**Task details:** Apart from the pictures, every line below is to be set down exactly.

########################################

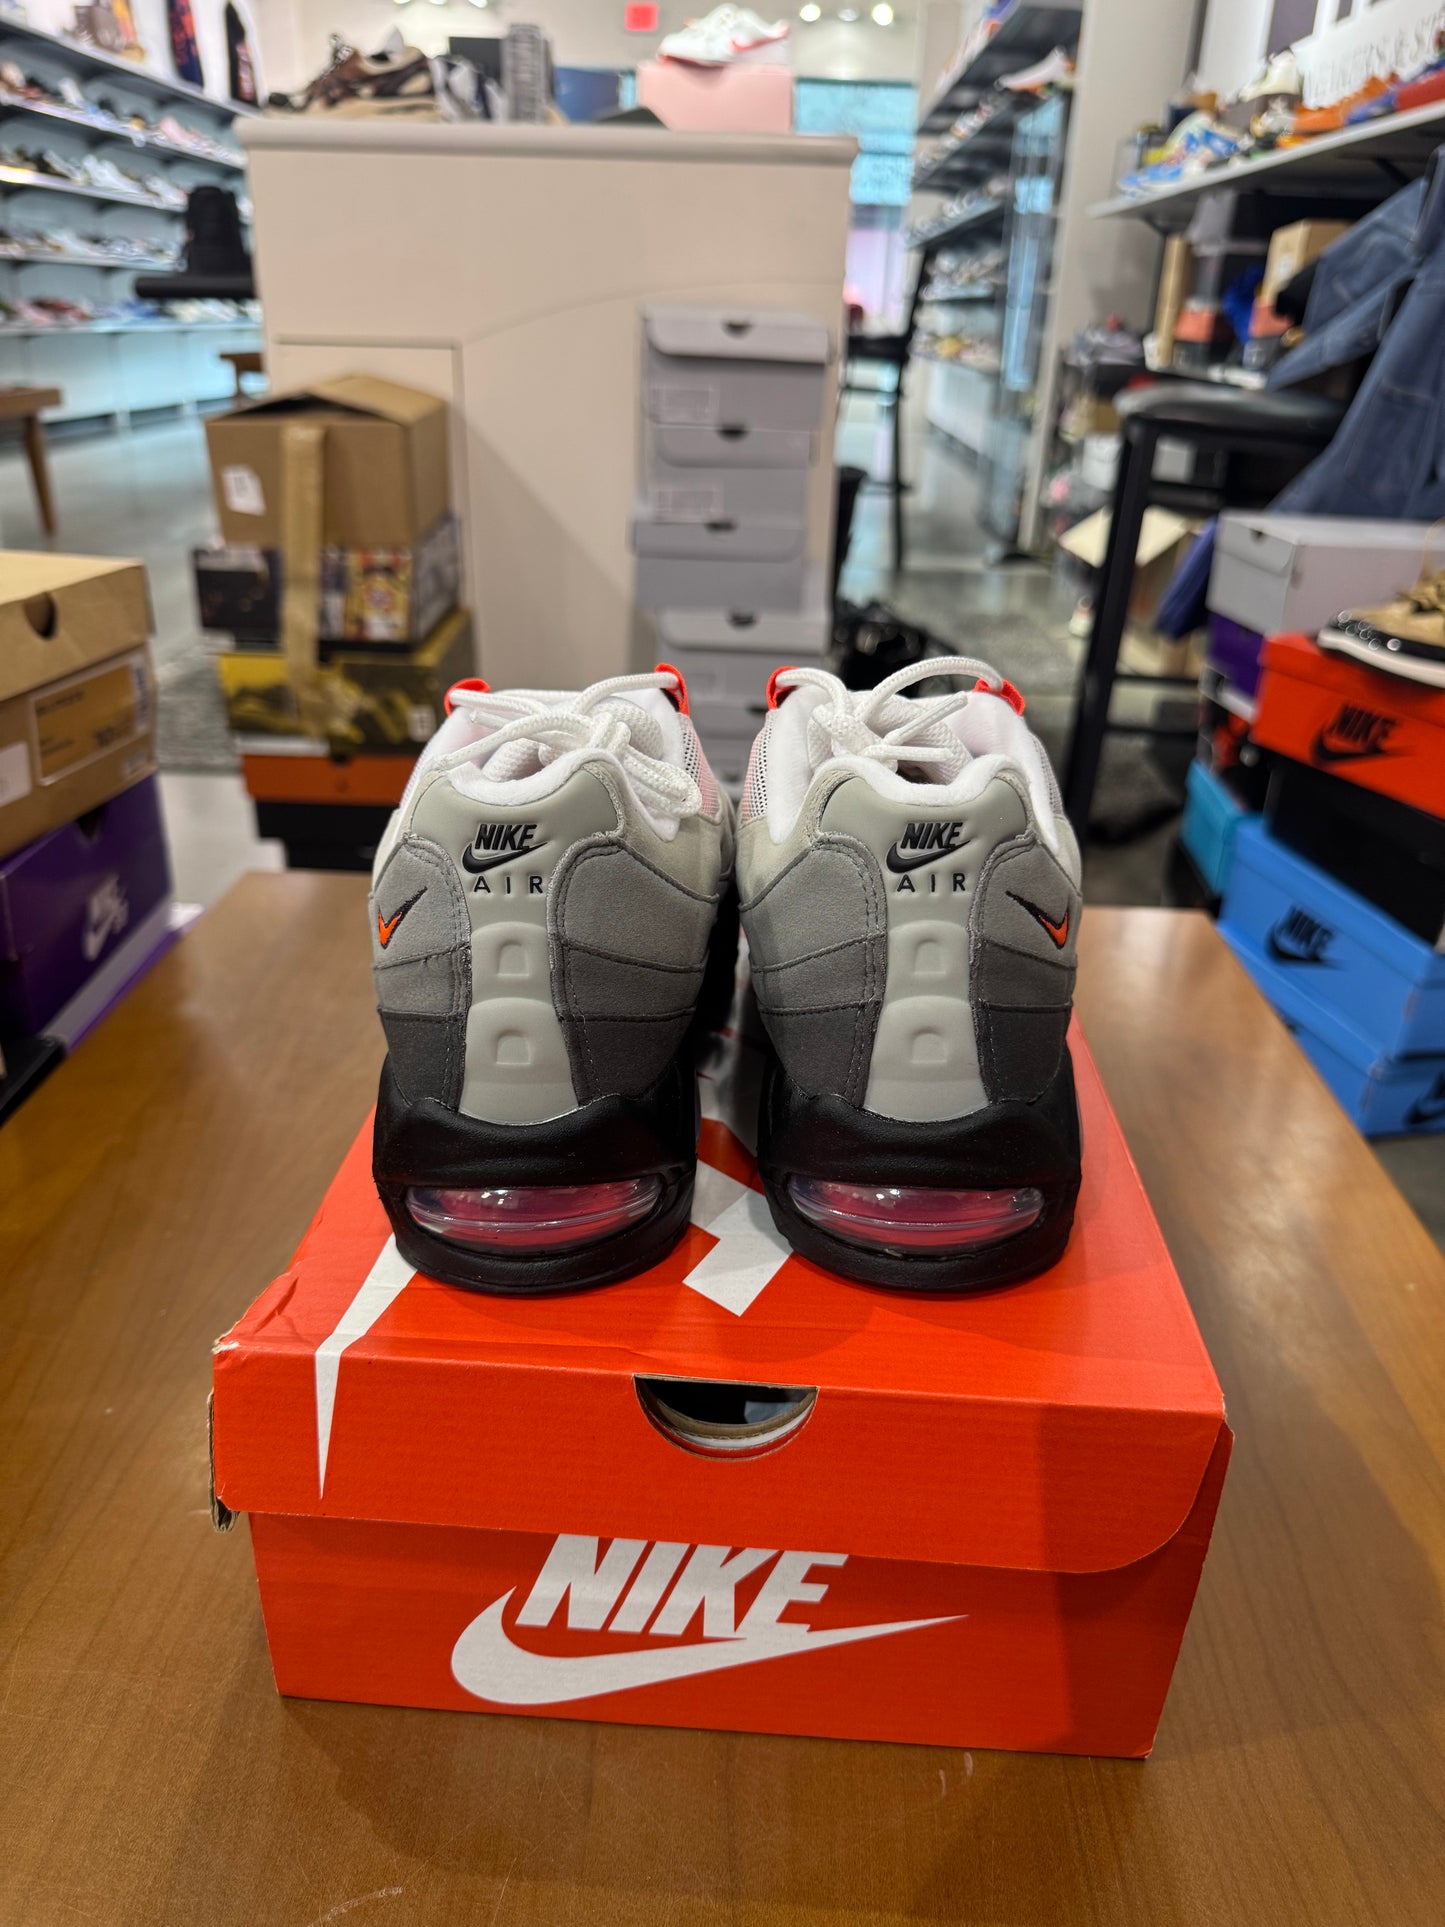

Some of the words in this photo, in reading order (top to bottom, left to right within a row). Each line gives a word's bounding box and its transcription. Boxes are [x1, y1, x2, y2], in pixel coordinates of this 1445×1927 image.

[474, 823, 537, 851] NIKE
[901, 822, 963, 850] NIKE
[473, 875, 543, 894] AIR
[896, 872, 966, 893] AIR
[514, 1533, 850, 1639] NIKE

########################################

**Your response:**
Some of the words in this photo, in reading order (top to bottom, left to right within a row). Each line gives a word's bounding box and its transcription. Boxes are [x1, y1, x2, y2], in pixel coordinates of this 1445×1927 image.

[474, 823, 537, 851] NIKE
[901, 822, 963, 850] NIKE
[473, 875, 543, 894] AIR
[896, 872, 966, 893] AIR
[514, 1533, 850, 1639] NIKE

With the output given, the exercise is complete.